**Exercise directions:** An exact copy of every record below is needed, with the pictures left out.

*** Opening Provided records ***

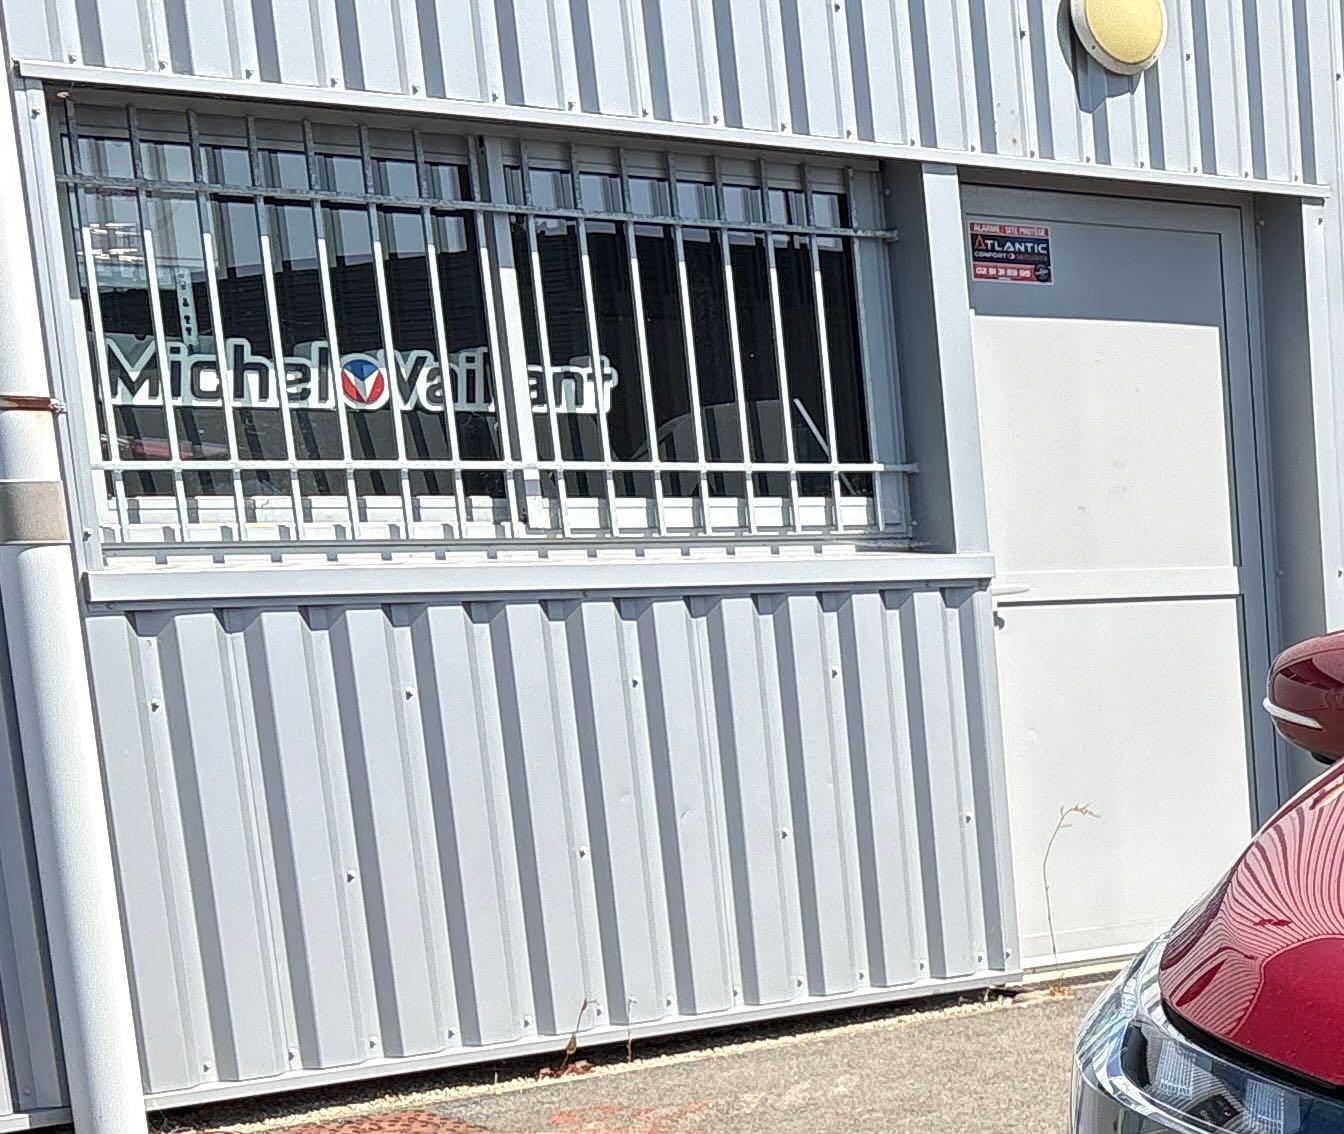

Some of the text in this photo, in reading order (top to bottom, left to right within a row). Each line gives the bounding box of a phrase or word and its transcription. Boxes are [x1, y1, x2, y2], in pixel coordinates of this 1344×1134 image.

[975, 235, 1048, 254] ATLANTIC
[107, 342, 616, 410] Michel Vailant
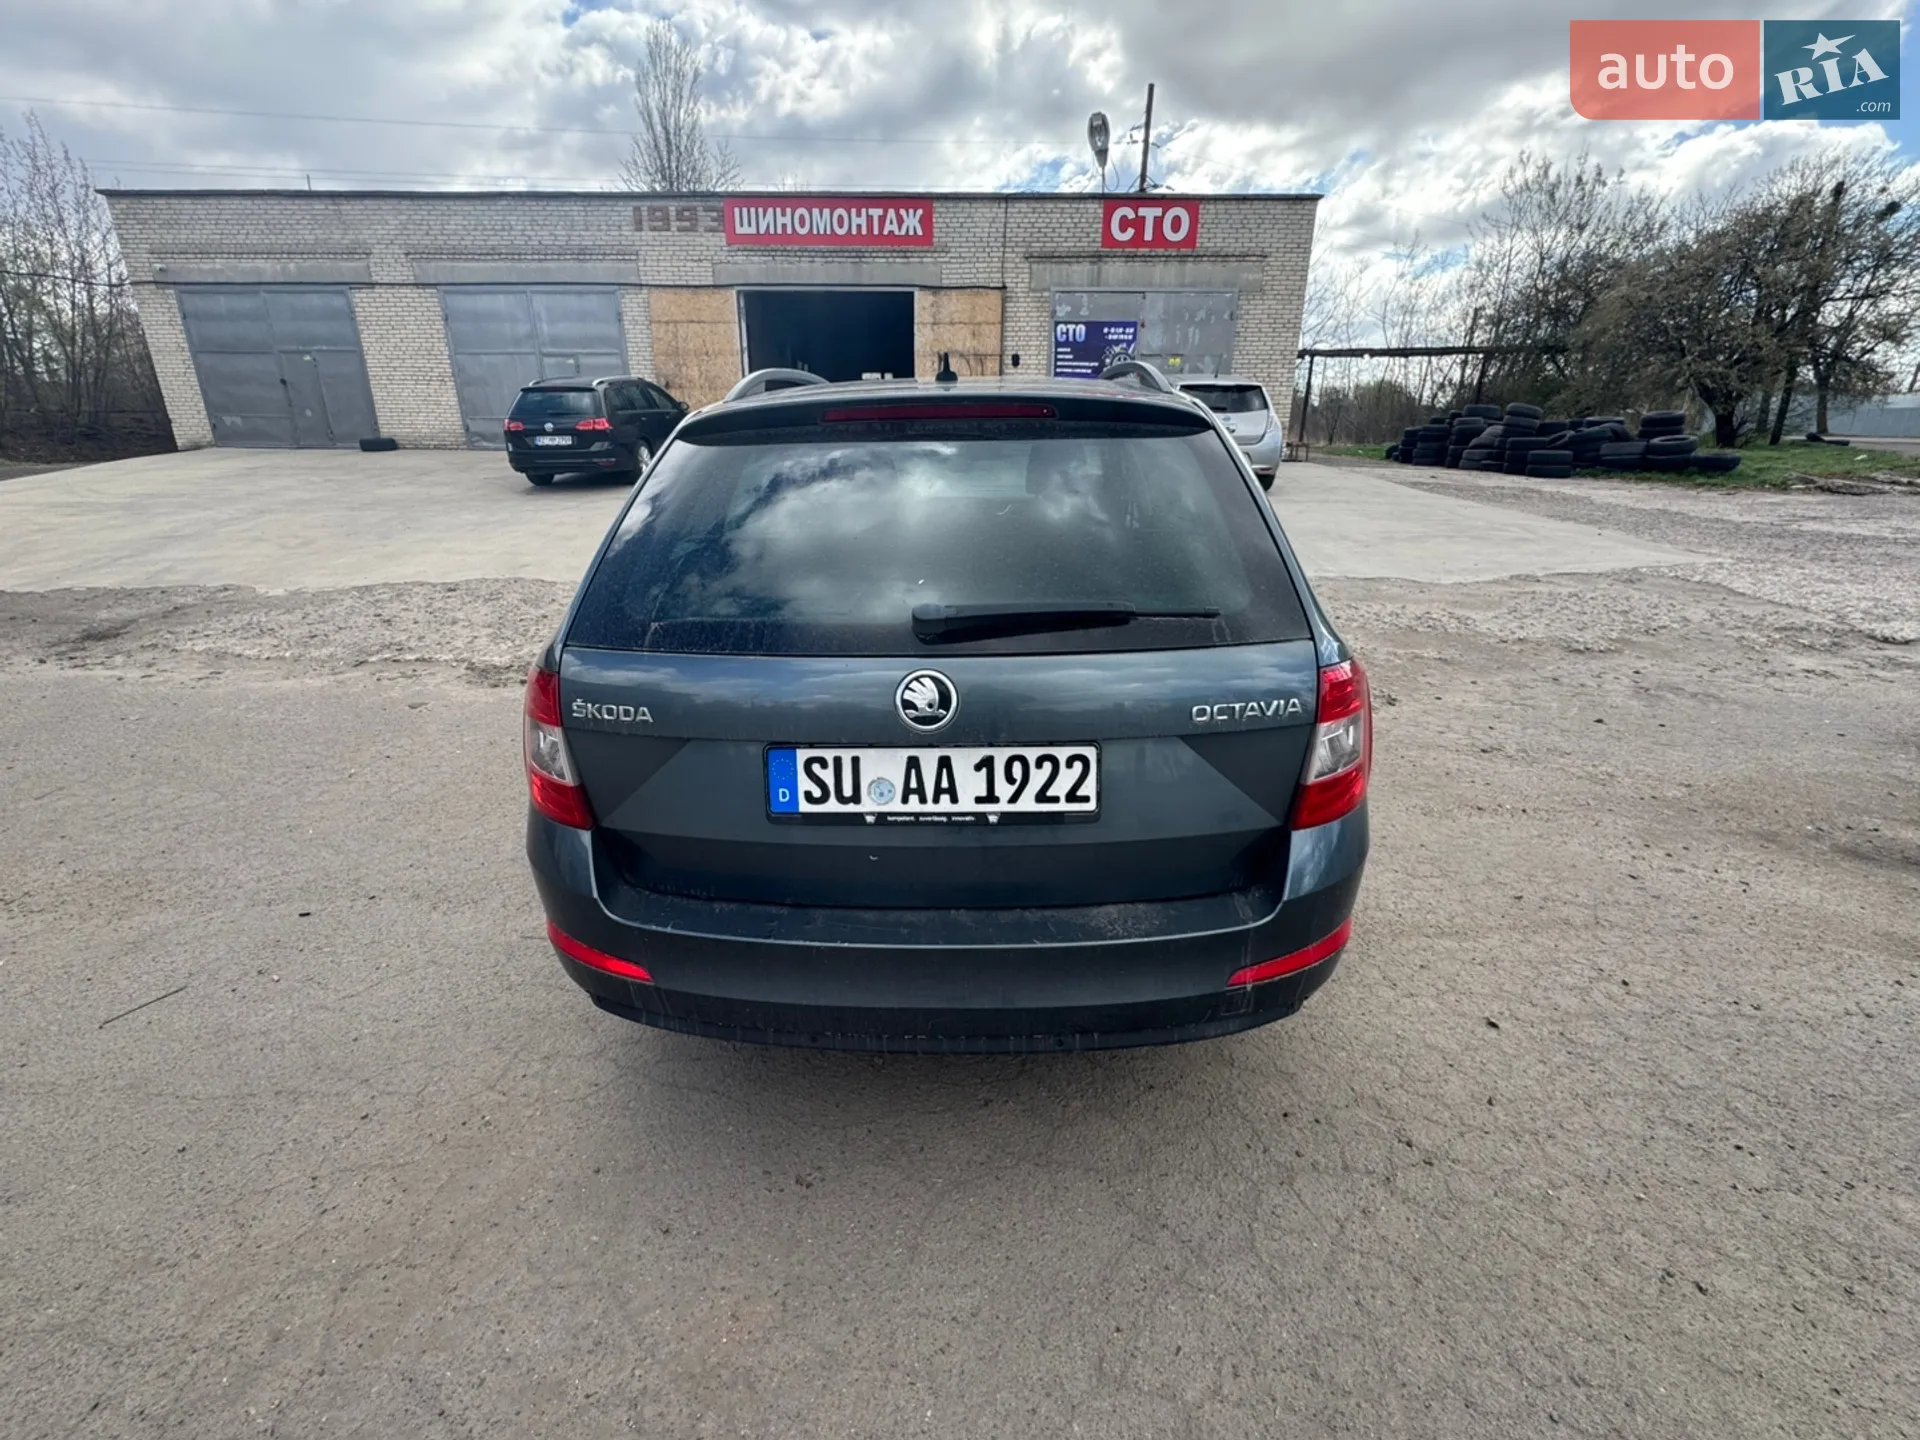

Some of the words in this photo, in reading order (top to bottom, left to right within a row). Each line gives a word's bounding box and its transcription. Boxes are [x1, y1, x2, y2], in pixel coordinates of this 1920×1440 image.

[632, 205, 724, 232] 1993
[733, 206, 924, 236] ШИНОМОНТАЖ
[1110, 206, 1190, 242] СТО
[1056, 323, 1086, 342] СТО
[571, 698, 654, 723] ŠKODA
[1191, 698, 1303, 722] OCTAVIA
[803, 755, 862, 806] SU
[901, 755, 960, 805] AA
[973, 753, 1092, 804] 1922
[778, 788, 790, 803] D
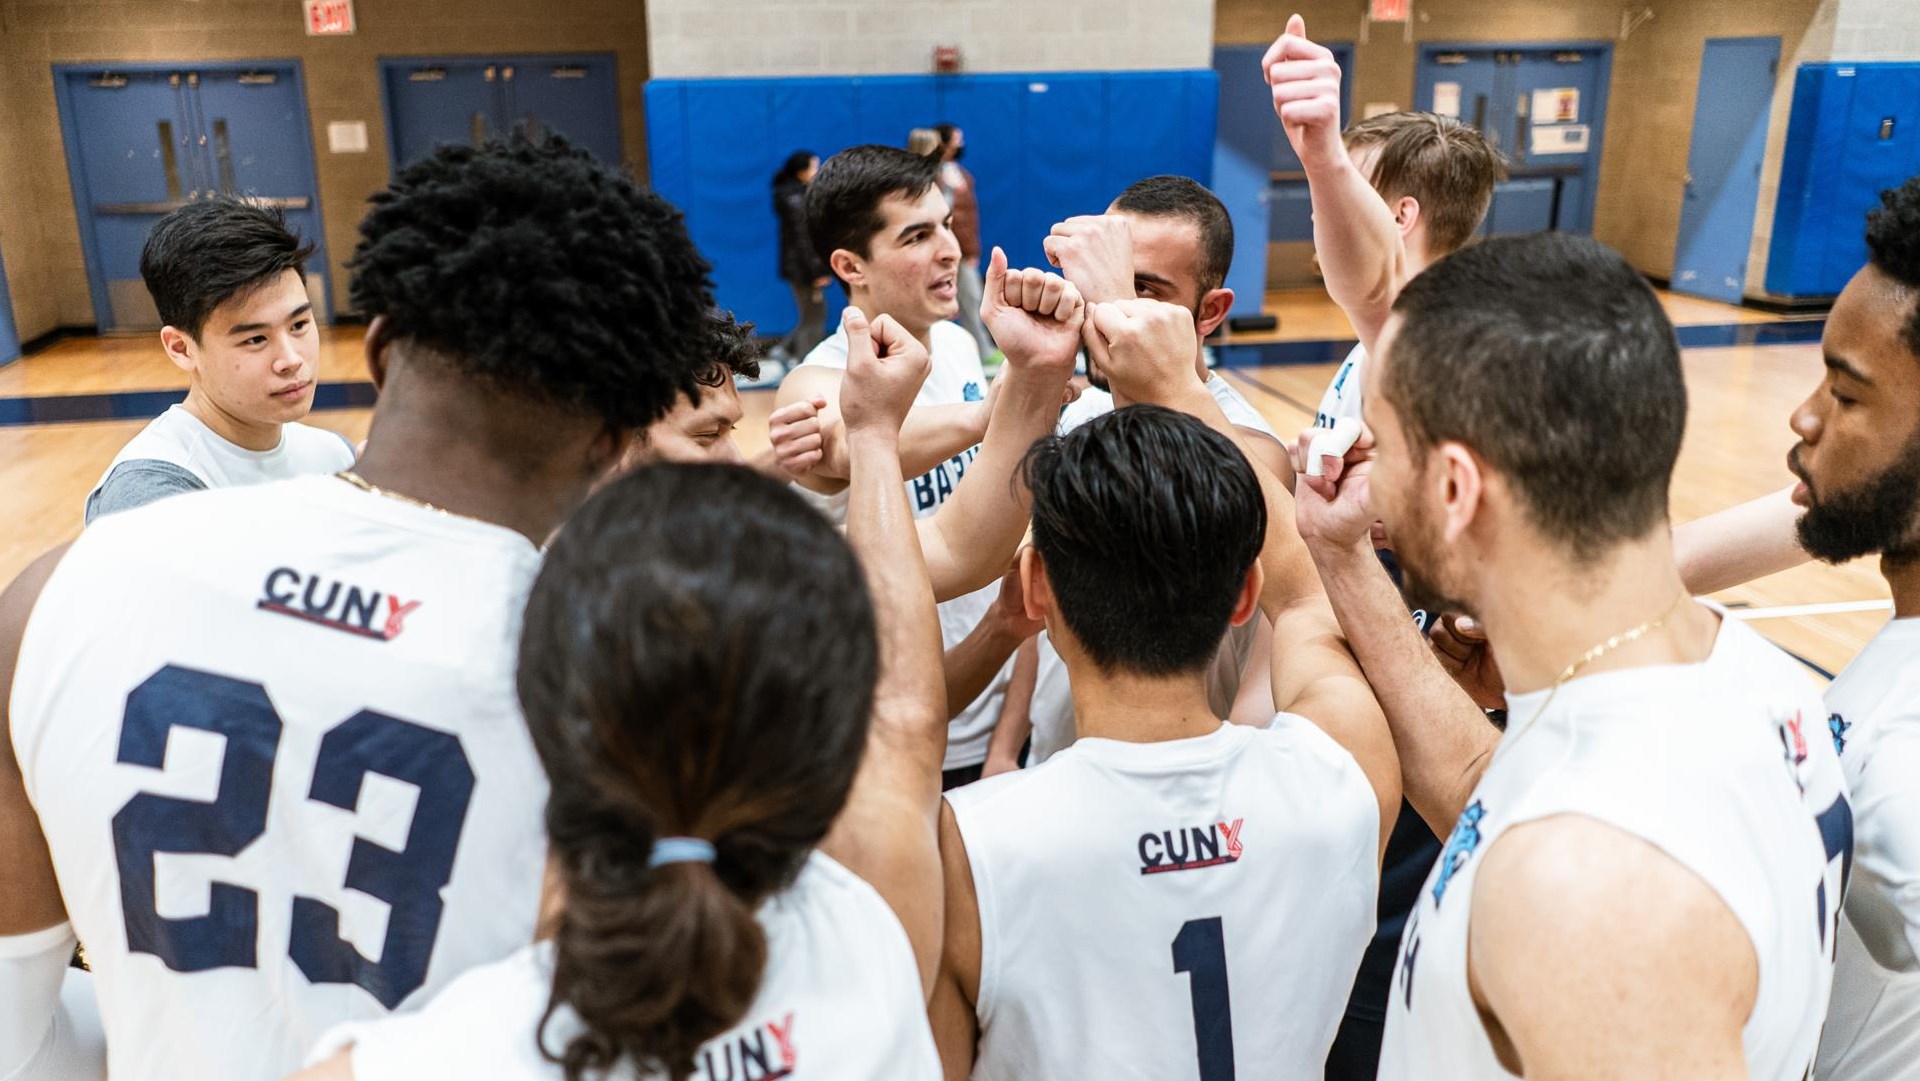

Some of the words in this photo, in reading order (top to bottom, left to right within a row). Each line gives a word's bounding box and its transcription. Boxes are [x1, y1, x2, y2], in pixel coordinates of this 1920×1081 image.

[260, 566, 422, 641] CUNY
[112, 663, 477, 1011] 23
[1138, 818, 1244, 865] CUNY
[1171, 916, 1236, 1081] 1
[704, 1013, 796, 1081] UNY

*** Closing Provided records ***

**Response area:**
Some of the text in this photo, in reading order (top to bottom, left to right within a row). Each line gives the bounding box of a phrase or word and its transcription. Boxes are [x1, y1, x2, y2], in pixel coordinates of this 1344×1134 image.

[975, 235, 1048, 254] ATLANTIC
[107, 342, 616, 410] Michel Vailant

Some of the words in this photo, in reading order (top to bottom, left to right within a row). Each line gives a word's bounding box and its transcription. Boxes are [x1, y1, x2, y2], in pixel coordinates of this 1920×1440 image.

[632, 205, 724, 232] 1993
[733, 206, 924, 236] ШИНОМОНТАЖ
[1110, 206, 1190, 242] СТО
[1056, 323, 1086, 342] СТО
[571, 698, 654, 723] ŠKODA
[1191, 698, 1303, 722] OCTAVIA
[803, 755, 862, 806] SU
[901, 755, 960, 805] AA
[973, 753, 1092, 804] 1922
[778, 788, 790, 803] D

Some of the words in this photo, in reading order (top to bottom, left to right within a row). Each line gives a word's bounding box and its transcription. Boxes are [x1, y1, x2, y2], in pixel coordinates of this 1920×1081 image.

[260, 566, 422, 641] CUNY
[112, 663, 477, 1011] 23
[1138, 818, 1244, 865] CUNY
[1171, 916, 1236, 1081] 1
[704, 1013, 796, 1081] UNY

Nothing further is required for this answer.